Playストアを見ていたら、アプリ権限が不自然に多いアプリを見つけました。
今回は、話題アプリの同名アプリ「去演-Avatarify Face Swap」を通して、アプリ権限と個人データの見方をみていきましょう。
1. Avatarifyとディープフェイク
Avatarifyは、「画像がしゃべっているように見える動画」を作ってくれる動画編集アプリです。
このような、人工知能を利用して画像を合成して動画を作成する技術を、「ディープフェイク」と呼ぶこともあります。
「ディープフェイク(Deep Fake)」は、「深層学習」と「偽物」を組み合わせた言葉です。
Deep Fake = Deep Learning + Fake Video
人工知能の深層学習を利用して、人物の画像・動画を合成する技術です。
ディープフェイク技術には、面白い動画を作れる反面、人の顔を利用して評判を落とすような行動をさせた偽物の動画を作れてしまうという問題点もあります。
例えば、政治家や有名人の偽の発言が作られたり、俳優のポルノ動画を作られたり、という犯罪が起こっています。
ディープフェイクアプリの人工知能は複雑で、スマホ内には収まりません。インターネットサーバにある人工知能を利用して合成するので、画像データはいったんサーバに送られます。つまり、合成で利用する自分の画像は、サーバに送信されるということは覚えておいたほうがよいでしょう。
極端なことを言えば、自分の使った顔写真を使って、勝手に動画合成をされてしまうような危険もあるのです。
もともと「ディープフェイク技術」には、嘘の動画を作成できてしまう危険性がある。
2. 別のAvatarifyアプリ「去演」
話題になった「本家」のアプリは、公開元はAvatarify, incで、iOS(iPhone、iPad向け)しか公開されていません。
Avatarifyの偽装アプリについては、以前から問題になっています。
2-1. 本家Avatarifyの利用データ
本家Avatarifyの場合は、AppStoreに「利用データ」が表示されています。これは、アクセスする個人データです。
「利用データ」を見てみると、アプリの不具合があったときに、どんなスマホで起こったのかを分析するために利用していることがわかります。
2-2. 「去演」の不自然なアプリ権限
「去演-Avatarify Face Swap」は、Playストアで「Avatarify」で検索したアプリの中では、比較的評価が高く、ダウンロード数も多かったので、その信頼性について確かめてみることにしました。
「去演」という名前から中国系アプリということがうかがえます。

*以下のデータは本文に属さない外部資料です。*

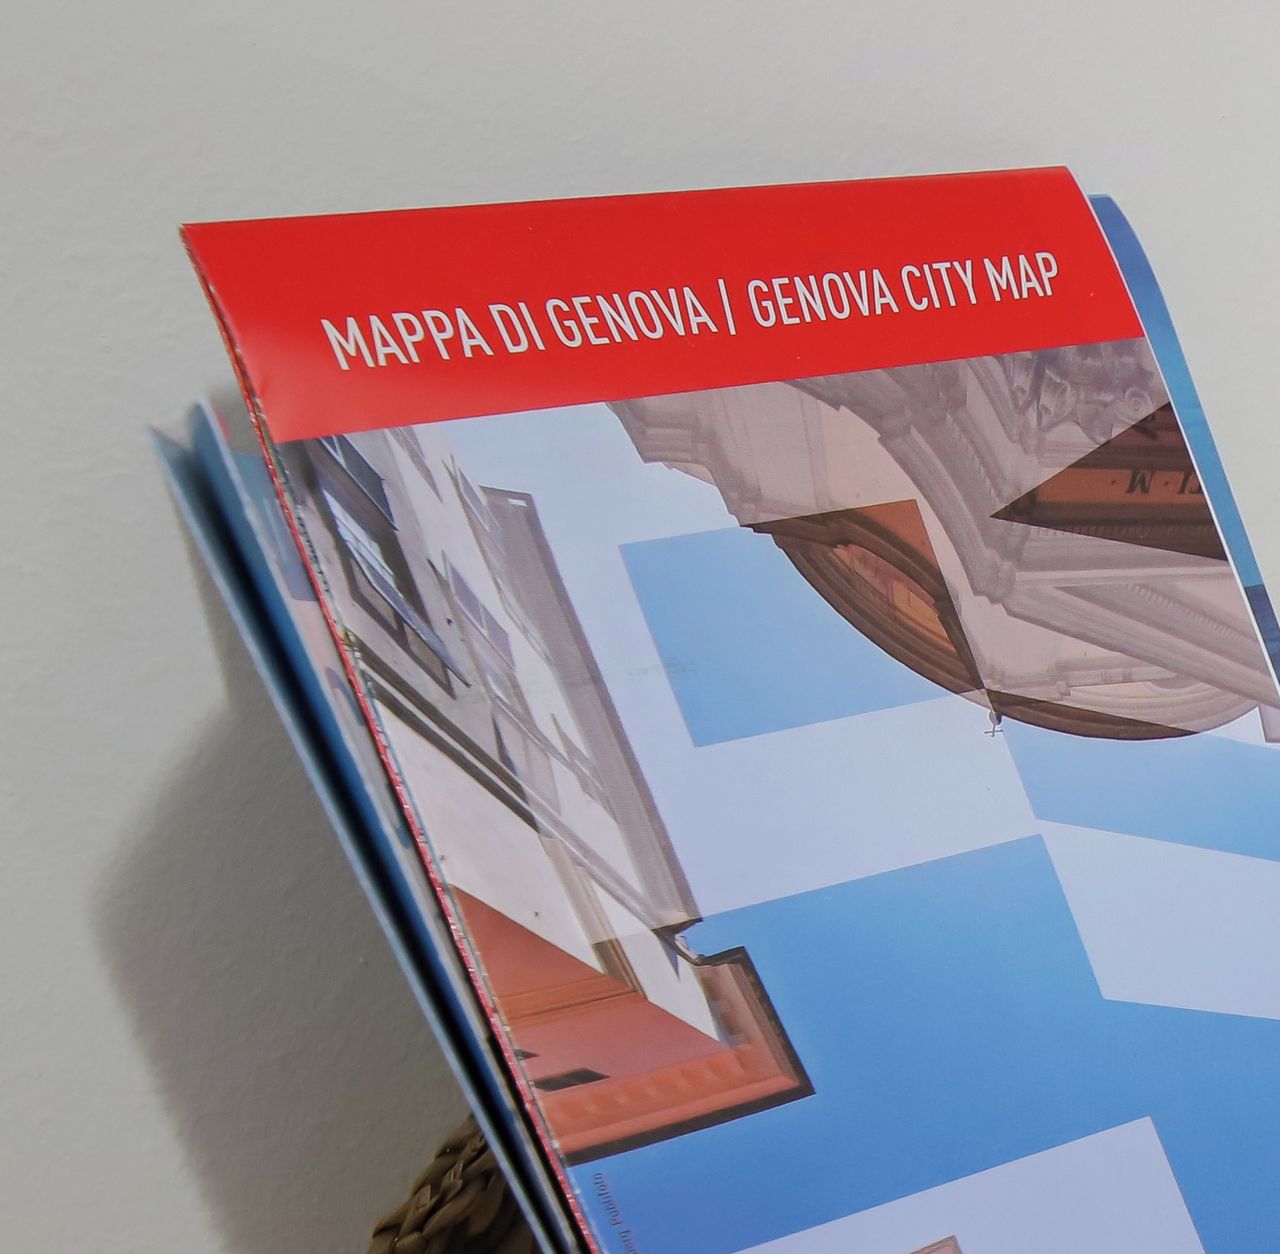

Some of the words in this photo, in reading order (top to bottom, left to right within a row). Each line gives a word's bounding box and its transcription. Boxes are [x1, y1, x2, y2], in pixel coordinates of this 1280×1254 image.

本家Avatarifyを偽装しているというよりは、機能の説明として「Avatarify Face Swap(顔を入れ替えによるアバター化)」と付け加えているようです(それでも、Avatarifyの検索結果に関連付ける意図はあるかもしれません)。
Androidアプリは、Playストアに「アプリ権限」が明示され、アクセスする個人データや機能がわかります。
えー、こんなに たくさんのアプリ権限があるの?
Playストアの「アプリ権限」は、AppStoreの「利用データ」よりも、細かく書かれますが、それでも不自然な権限がありますね。
例えば、「起動時の実行」は、「アプリが勝手に動作する」という機能なので、動画編集アプリに必要な権限かは微妙です。これだけの権限が有効だと、顔写真・位置情報・電話番号に常にアクセスすることができるので、スパイのようなことが可能になってしまいます。
3. アプリは信頼できる公開元かどうかを確認する
アプリの権限や機能が強力なので、大事になってくるのが公開元が信頼できるか、です。
アプリの公開元は、「プライバシーポリシー」のページからたどることができます。
「去演」の公開元は「DeepArt Limited」となっていますが、プライバシーポリシーのリンク先は「去演App-隐私协议」です。
公式サイト(https://www.quyan.ai/)は中国語のみで、中国の国内向けアプリのようです。
最近のアプリのページで、英語表記がないのは珍しいですね。
利用規約やプライバシーポリシーはありましたが、開発元の会社名や所在地などは明示されていませんでした。
国によって表示義務の範囲が異なるんですよね。
結局、誰とどのような規約を結ぶことになるのかわからなかったので、「去演」のインストールはしませんでした。